──────── SOURCE DATA ────────

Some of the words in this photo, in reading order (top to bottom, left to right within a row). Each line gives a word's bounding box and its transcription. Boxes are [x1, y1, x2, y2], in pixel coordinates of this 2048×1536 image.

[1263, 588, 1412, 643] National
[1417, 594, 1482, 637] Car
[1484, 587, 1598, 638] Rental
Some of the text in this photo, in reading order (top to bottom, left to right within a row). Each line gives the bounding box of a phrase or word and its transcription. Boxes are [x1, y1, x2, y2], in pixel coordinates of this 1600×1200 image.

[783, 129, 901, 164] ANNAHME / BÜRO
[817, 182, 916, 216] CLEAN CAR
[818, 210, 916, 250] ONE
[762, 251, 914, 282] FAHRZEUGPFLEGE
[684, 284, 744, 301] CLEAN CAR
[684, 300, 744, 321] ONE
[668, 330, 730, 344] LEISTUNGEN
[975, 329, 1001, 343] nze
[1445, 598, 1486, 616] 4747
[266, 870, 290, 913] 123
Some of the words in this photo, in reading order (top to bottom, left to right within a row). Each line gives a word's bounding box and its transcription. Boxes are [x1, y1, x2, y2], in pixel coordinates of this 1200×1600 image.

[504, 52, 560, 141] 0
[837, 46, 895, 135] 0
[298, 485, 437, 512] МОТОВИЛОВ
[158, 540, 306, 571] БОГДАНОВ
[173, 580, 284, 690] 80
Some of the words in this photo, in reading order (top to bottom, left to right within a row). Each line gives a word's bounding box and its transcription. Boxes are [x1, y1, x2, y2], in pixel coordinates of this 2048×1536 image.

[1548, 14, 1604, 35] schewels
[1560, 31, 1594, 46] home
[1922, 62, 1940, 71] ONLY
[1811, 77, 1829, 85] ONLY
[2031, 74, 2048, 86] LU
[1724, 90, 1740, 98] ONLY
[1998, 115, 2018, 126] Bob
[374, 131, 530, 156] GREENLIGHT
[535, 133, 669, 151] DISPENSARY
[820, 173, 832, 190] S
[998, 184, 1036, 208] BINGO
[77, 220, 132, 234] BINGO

────────

Every line must be copied exactly as it stands above.

Some of the words in this photo, in reading order (top to bottom, left to right within a row). Each line gives a word's bounding box and its transcription. Boxes are [x1, y1, x2, y2], in pixel coordinates of this 2048×1536 image.

[1263, 588, 1412, 643] National
[1417, 594, 1482, 637] Car
[1484, 587, 1598, 638] Rental
Some of the text in this photo, in reading order (top to bottom, left to right within a row). Each line gives the bounding box of a phrase or word and its transcription. Boxes are [x1, y1, x2, y2], in pixel coordinates of this 1600×1200 image.

[783, 129, 901, 164] ANNAHME / BÜRO
[817, 182, 916, 216] CLEAN CAR
[818, 210, 916, 250] ONE
[762, 251, 914, 282] FAHRZEUGPFLEGE
[684, 284, 744, 301] CLEAN CAR
[684, 300, 744, 321] ONE
[668, 330, 730, 344] LEISTUNGEN
[975, 329, 1001, 343] nze
[1445, 598, 1486, 616] 4747
[266, 870, 290, 913] 123
Some of the words in this photo, in reading order (top to bottom, left to right within a row). Each line gives a word's bounding box and its transcription. Boxes are [x1, y1, x2, y2], in pixel coordinates of this 1200×1600 image.

[504, 52, 560, 141] 0
[837, 46, 895, 135] 0
[298, 485, 437, 512] МОТОВИЛОВ
[158, 540, 306, 571] БОГДАНОВ
[173, 580, 284, 690] 80
Some of the words in this photo, in reading order (top to bottom, left to right within a row). Each line gives a word's bounding box and its transcription. Boxes are [x1, y1, x2, y2], in pixel coordinates of this 2048×1536 image.

[1548, 14, 1604, 35] schewels
[1560, 31, 1594, 46] home
[1922, 62, 1940, 71] ONLY
[1811, 77, 1829, 85] ONLY
[2031, 74, 2048, 86] LU
[1724, 90, 1740, 98] ONLY
[1998, 115, 2018, 126] Bob
[374, 131, 530, 156] GREENLIGHT
[535, 133, 669, 151] DISPENSARY
[820, 173, 832, 190] S
[998, 184, 1036, 208] BINGO
[77, 220, 132, 234] BINGO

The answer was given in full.